Numa edição com quase uma centena de filmes de mais de três dezenas de nacionalidades e vários géneros, é sempre arriscado fazer apostas, mas há que começar por algum lado. E depois da sessão de abertura, sexta-feira às 21h00, estes cinco podem estar entre os bons motivos para ir passando no São Jorge nos próximos dias - enquanto vão deixando, quase todos, novos olhares sobre o lado mais estranho da adolescência:

 

Beach Rats

 

"BEACH RATS", de Eliza Hittman: Foi um dos filmes-sensação do festival de Sundance deste ano, mas, mais do que isso, merece destaque por ser a segunda obra da autora de "It Felt Like Love", de 2013, um relato coming of age tão cru como promissor (e sem direito a estreia nas salas nacionais). A realizadora norte-americana volta a apostar numa história sobre a entrada na idade adulta, mas desta vez no masculino, acompanhando um rapaz dos subúrbios de Brooklyn com uma situação familiar conturbada, sugestões de delinquência e contactos com homens mais velhos pela internet. Entretanto, uma praia parece ser o cenário ideial para uma mudança de rumo...

 

Quand On A 17 Ans

 

"QUAND ON A 17 ANS", de André Téchiné: Os últimos filmes do realizador francês nem sempre têm chegado ao circuito comercial nacional e o que estreou mais recentemente, "O Homem Demasiado Amado" (2014), não era dos mais memoráveis.
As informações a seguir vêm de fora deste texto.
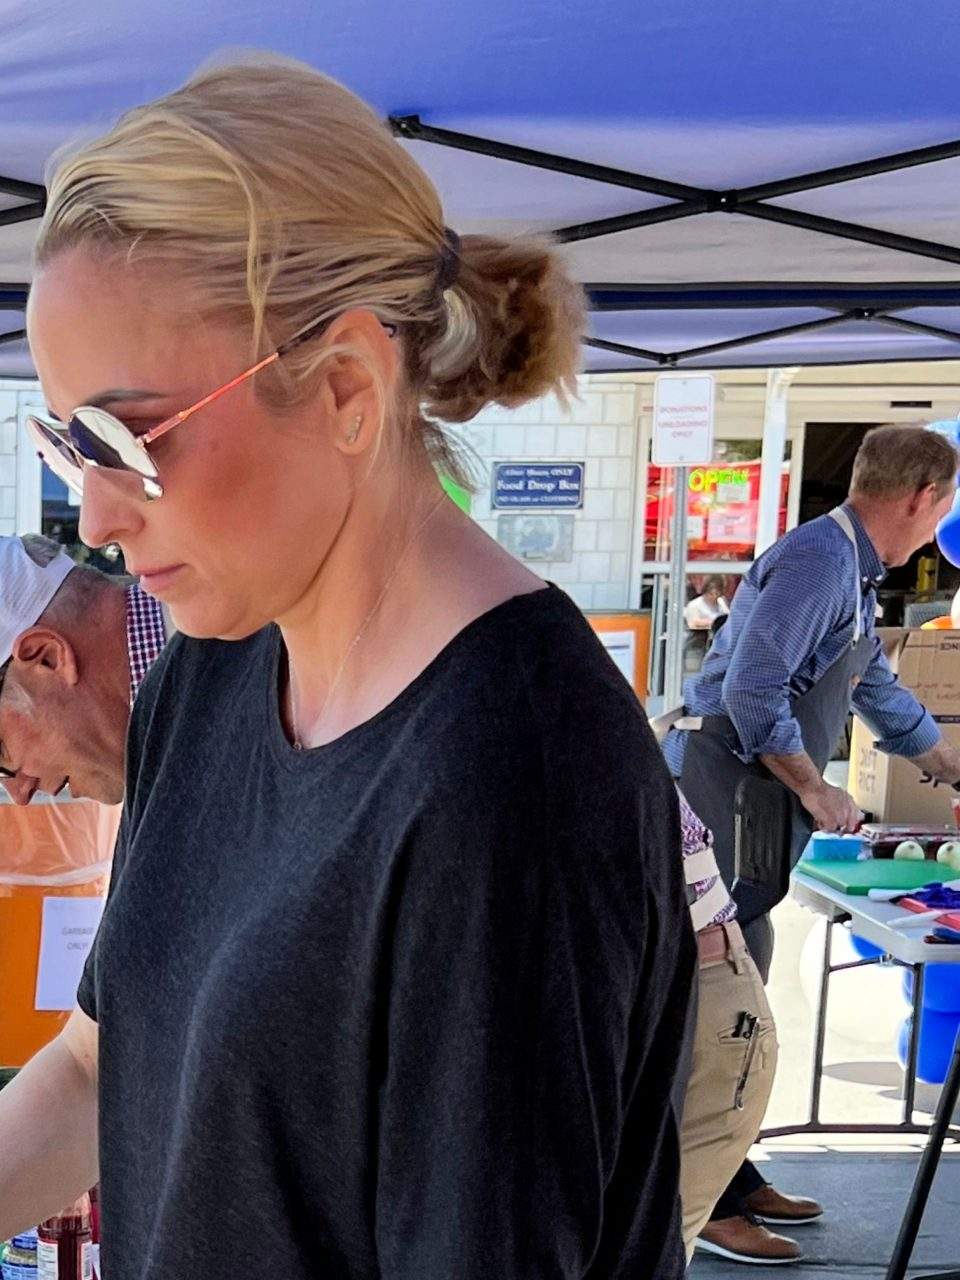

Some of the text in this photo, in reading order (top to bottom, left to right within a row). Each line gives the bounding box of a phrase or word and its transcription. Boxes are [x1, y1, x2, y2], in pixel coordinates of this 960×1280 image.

[497, 479, 579, 493] Food Drop Box
[688, 468, 749, 492] OPEN
[61, 927, 96, 935] GARBAG
Mas o que chega cá pelo festival (antes da estreia, já garantida) tem sido apontado por muitos como um regresso à forma do cineasta de "Os Juncos Silvestres" (1994) ou "Não Dou Beijos" (1991), seguindo dois adolescentes do sul de França de origens sociais contrastantes e com uma animosidade acentuada ao primeiro contacto - que entretanto evolui, claro, para outros cenários.

 

Upon the Shadow

 

"AU-DELÀ DE L'OMBRE", de Nada Mezni Hafaiedh: Ao entrar na casa de uma jovem activista, escritora e blogger, este documentário deixa um olhar sobre os excluídos da sociedade tunisina, aqui através de um pequeno grupo que junta homossexuais e travestis. O foco íntimo, sem artifícios e aparentemente caloroso sobre a diferença lembra, à primeira vista, o óptimo "Oriented", que também contava histórias de um grupo de amigos com a sombra da homofobia e foi das melhores surpresas do Queer Lisboa há dois anos.

 

Foreign Body

 

"FOREIGN BODY", de Jassa Gharib: Tal como "Au-Delá de L'Ombre", sugerido acima, há aqui reflexos da revolução tunisina, embora esse seja o ponto de partida não de um documentário mas de uma ficção (mesmo que se trate de um drama realista). No novo filme da autora de "Red Satin" (2002) e "Buried Secrets" (2009), uma mulher parte da Tunísia para França e está no centro de um choque entre espiritualidade e desejo, ao vincar o abismo entre o irmão, islâmico radical, e uma viúva rica para quem passa a trabalhar - e de quem se torna mais próxima.

 

Mae Ha So Uma

 

"MÃE SÓ HÁ UMA", de Anna Muylaert: O novo filme de uma das realizadoras brasileiras mais celebradas dos últimos anos chega depois do especialmente elogiado "Que Horas Ela Volta?" (2015) e foi seleccionado para a sessão de encerramento do festival. A premissa, rocambolesca q.b., envolve um teste de ADN e uma troca de família do protagonista, que descobre a sua mãe biológica na adolescência. Mas Anna Muylaert tornou-se conhecida por saber dar a volta a lugares comuns de telenovelas, juntando aqui o drama familiar a questões de género - e voltando a despertar aplausos dentro e fora de portas.